2 - C H A P T E R -

C H A P T E R 2

Getting Started

This chapter introduces Sun CRE and the basic procedures required to get a Sun HPC cluster ready for use. These basic procedures include starting the Sun CRE daemons and testing the cluster's readiness. This chapter also describes the procedure for shutting down Sun CRE.

The topics covered in this chapter include:

Fundamental Sun CRE Concepts

Activating the Sun HPC ClusterTools Software

Verifying Basic Functionality

Verifying MPI Communications

Stopping and Restarting Sun CRE

This chapter assumes that the Sun HPC ClusterTools software, including Sun CRE, has been correctly installed and configured, as described in the Sun HPC ClusterTools Software Installation Guide.

Notice that the system verification procedures outlined here are identical to the "post-install" procedures recommended for Sun CRE-based clusters in the Sun HPC ClusterTools Software Installation Guide.

Fundamental Sun CRE Concepts

This section introduces some important concepts that you should understand in order to administer the Sun HPC ClusterTools software with Sun CRE.

Cluster of Nodes

As its name implies, the Sun Cluster Runtime Environment is intended to operate in a Sun HPC cluster--that is, in a collection of Sun symmetric multiprocessor (SMP) servers that are connected by any Sun-supported TCP/IP-capable interconnect.
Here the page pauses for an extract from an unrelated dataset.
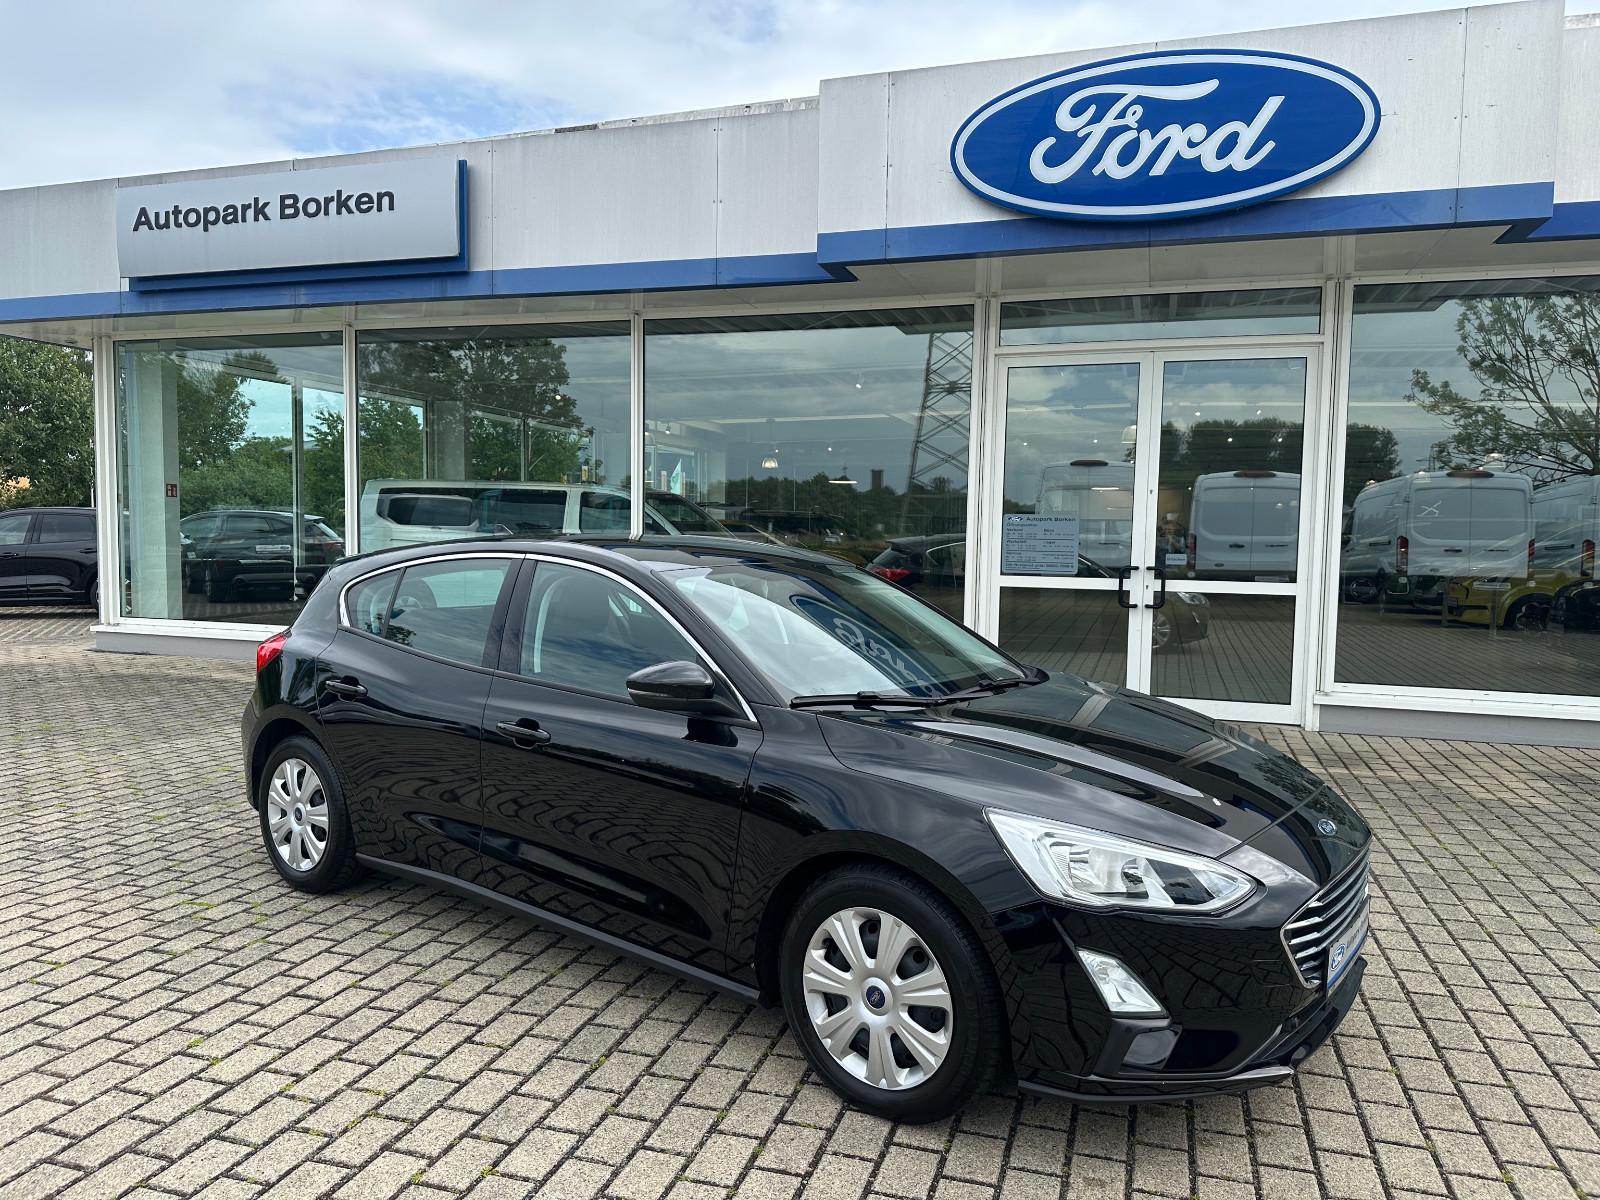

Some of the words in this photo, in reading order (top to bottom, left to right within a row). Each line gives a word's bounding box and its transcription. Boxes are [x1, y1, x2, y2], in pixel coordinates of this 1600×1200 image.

[1030, 79, 1285, 184] Ford
[132, 196, 272, 232] Autopark
[279, 190, 395, 220] Borken
An SMP attached to the cluster network is referred to as a node.

Sun CRE manages the launching and execution of both serial and parallel jobs on the cluster nodes, which are grouped into logical sets called partitions. (See the next section for more information about partitions.) For serial jobs, its chief contribution is to perform load-balancing in shared partitions, where multiple processes may be competing for the same node resources. For parallel jobs, Sun CRE provides:

A single job-monitoring and control point

Load-balancing for shared partitions

Information about node connectivity

Support for spawning of MPI processes

Support for Prism interaction with parallel jobs

Note - A cluster can consist of a single Sun SMP server. However, executing MPI jobs on even a single-node cluster requires Sun CRE to be running on that cluster.

Security

A Sun HPC cluster may be protected from unauthorized use by means of the standard Solaris authentication AUTH_SYS or by installing a third-party authentication product. Sun HPC ClusterTools software supports both Kerberos Version 5 and Data Encryption System (DES).

In addition to one (or none) of the above authentication methods, Sun CRE provides basic security by means of a cluster password. It operates by checking the credentials of programs that request access.
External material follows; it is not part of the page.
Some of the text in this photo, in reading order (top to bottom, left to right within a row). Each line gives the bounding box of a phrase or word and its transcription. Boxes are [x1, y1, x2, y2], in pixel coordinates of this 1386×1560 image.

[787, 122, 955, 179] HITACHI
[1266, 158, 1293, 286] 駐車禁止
The system administrator establishes the cluster password on each node of the cluster and on any outside nodes that may access the cluster. The password should be customized immediately after installing Sun HPC ClusterTools software, as described in the installation instructions.

Partitions

The system administrator configures the nodes in a Sun HPC cluster into one or more logical sets, called partitions. A job is always launched on a predefined partition that is currently enabled, or accepting jobs. A job will run on one or more nodes in that partition, but not on nodes in any other enabled partition.

Note - The CPUs in certain Sun high-end servers, such as the Sun Fire trademark 15K server, can be configured into logical "nodes," referred to as domains. These domains can be logically grouped to form partitions, which Sun CRE uses in the same way it deals with partitions containing other types of Sun HPC nodes.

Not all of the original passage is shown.